What you will do -> Because the images are not wanted, restate every line below word for word without them.
= = = =
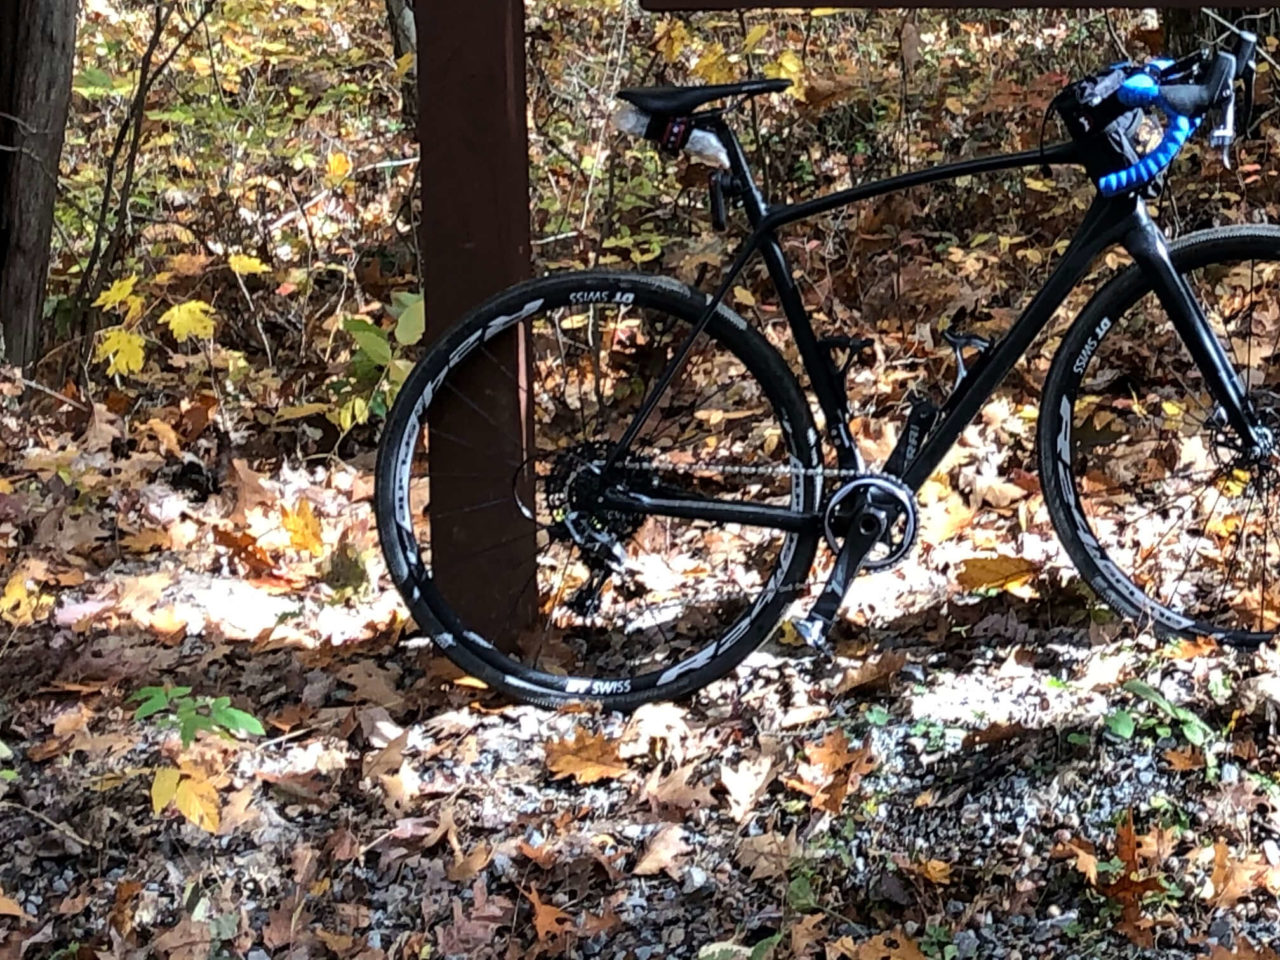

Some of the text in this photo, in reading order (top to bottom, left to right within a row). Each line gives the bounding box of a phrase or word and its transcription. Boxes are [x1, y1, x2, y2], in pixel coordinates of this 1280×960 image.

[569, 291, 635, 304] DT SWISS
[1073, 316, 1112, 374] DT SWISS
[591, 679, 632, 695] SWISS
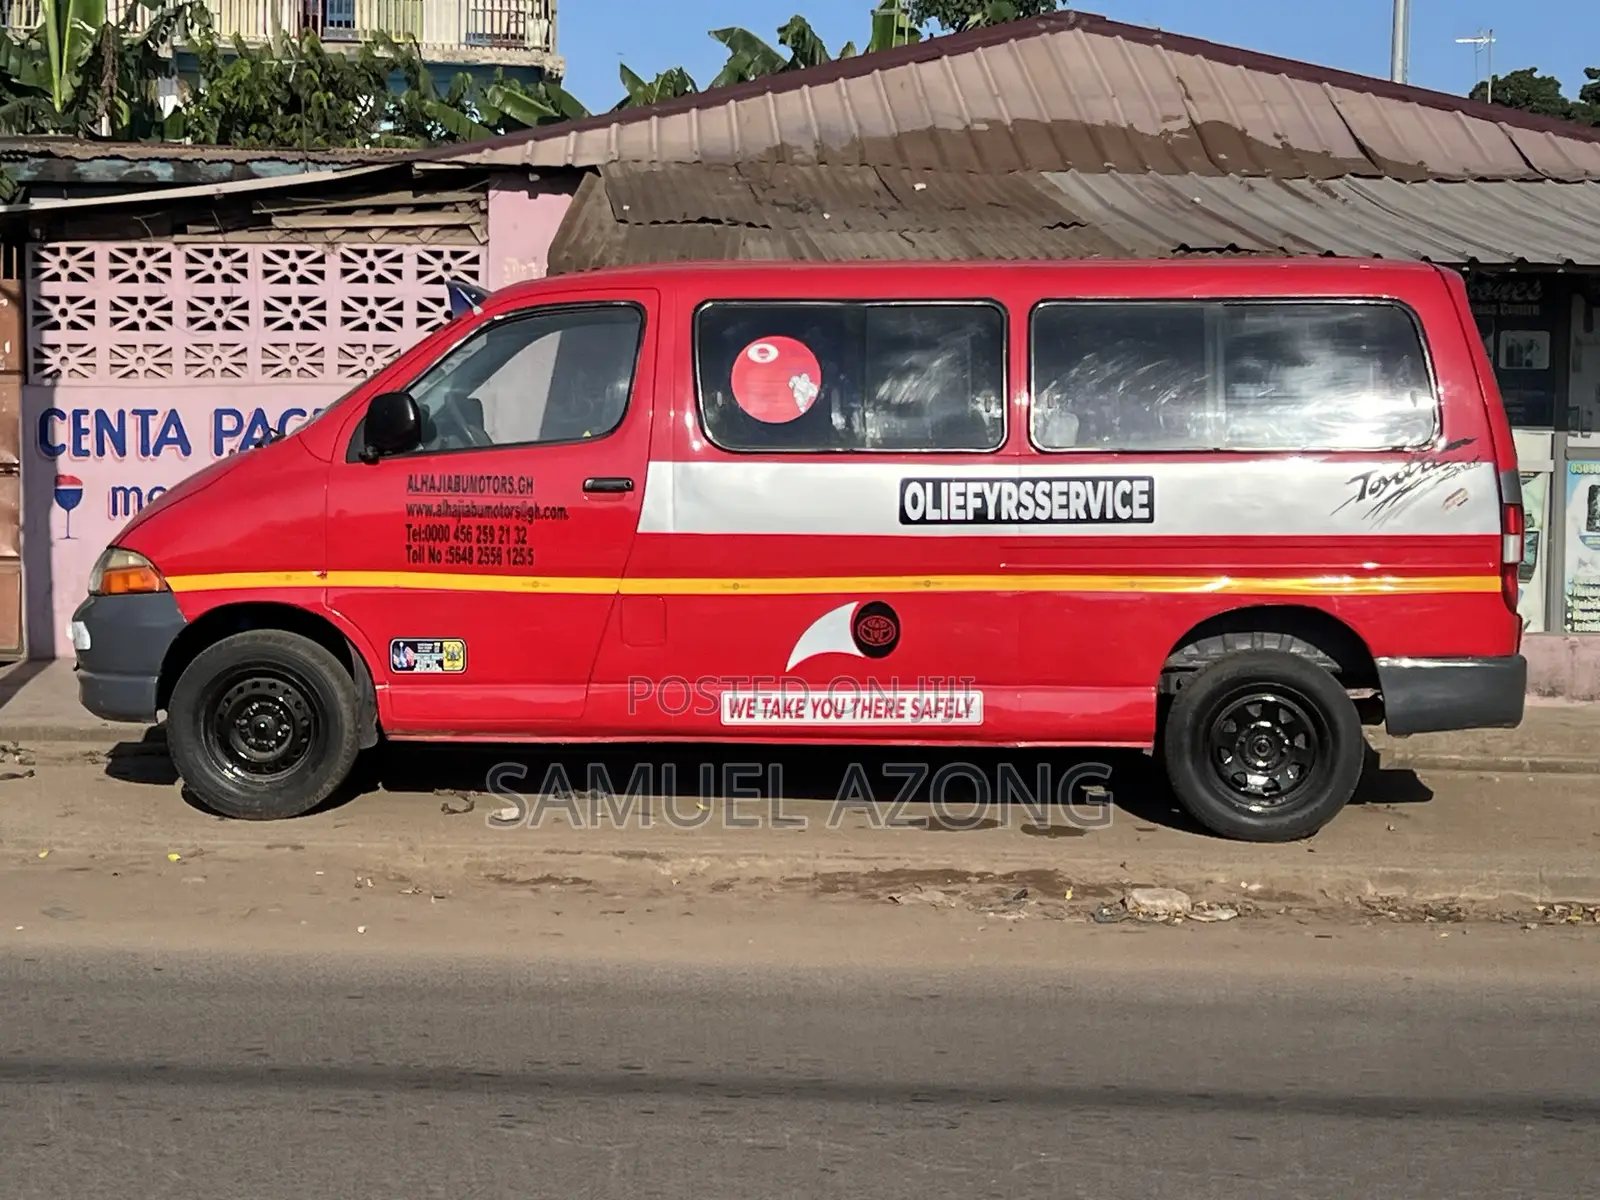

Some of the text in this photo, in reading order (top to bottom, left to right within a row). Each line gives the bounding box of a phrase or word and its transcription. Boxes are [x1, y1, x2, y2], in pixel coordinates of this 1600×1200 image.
= = = =
Exercise output ->
Some of the text in this photo, in reading order (top to bottom, left to right within a row). Each line gives the bounding box of a phrase or word and its transcription. Boxes are [x1, y1, x2, y2], in pixel coordinates of this 1280×960 image.

[569, 291, 635, 304] DT SWISS
[1073, 316, 1112, 374] DT SWISS
[591, 679, 632, 695] SWISS

Some of the text in this photo, in reading order (top to bottom, left to right within a row). Each line gives the bounding box of a phrase or word and its transcription. Boxes are [x1, y1, x2, y2], in pixel coordinates of this 1600×1200 image.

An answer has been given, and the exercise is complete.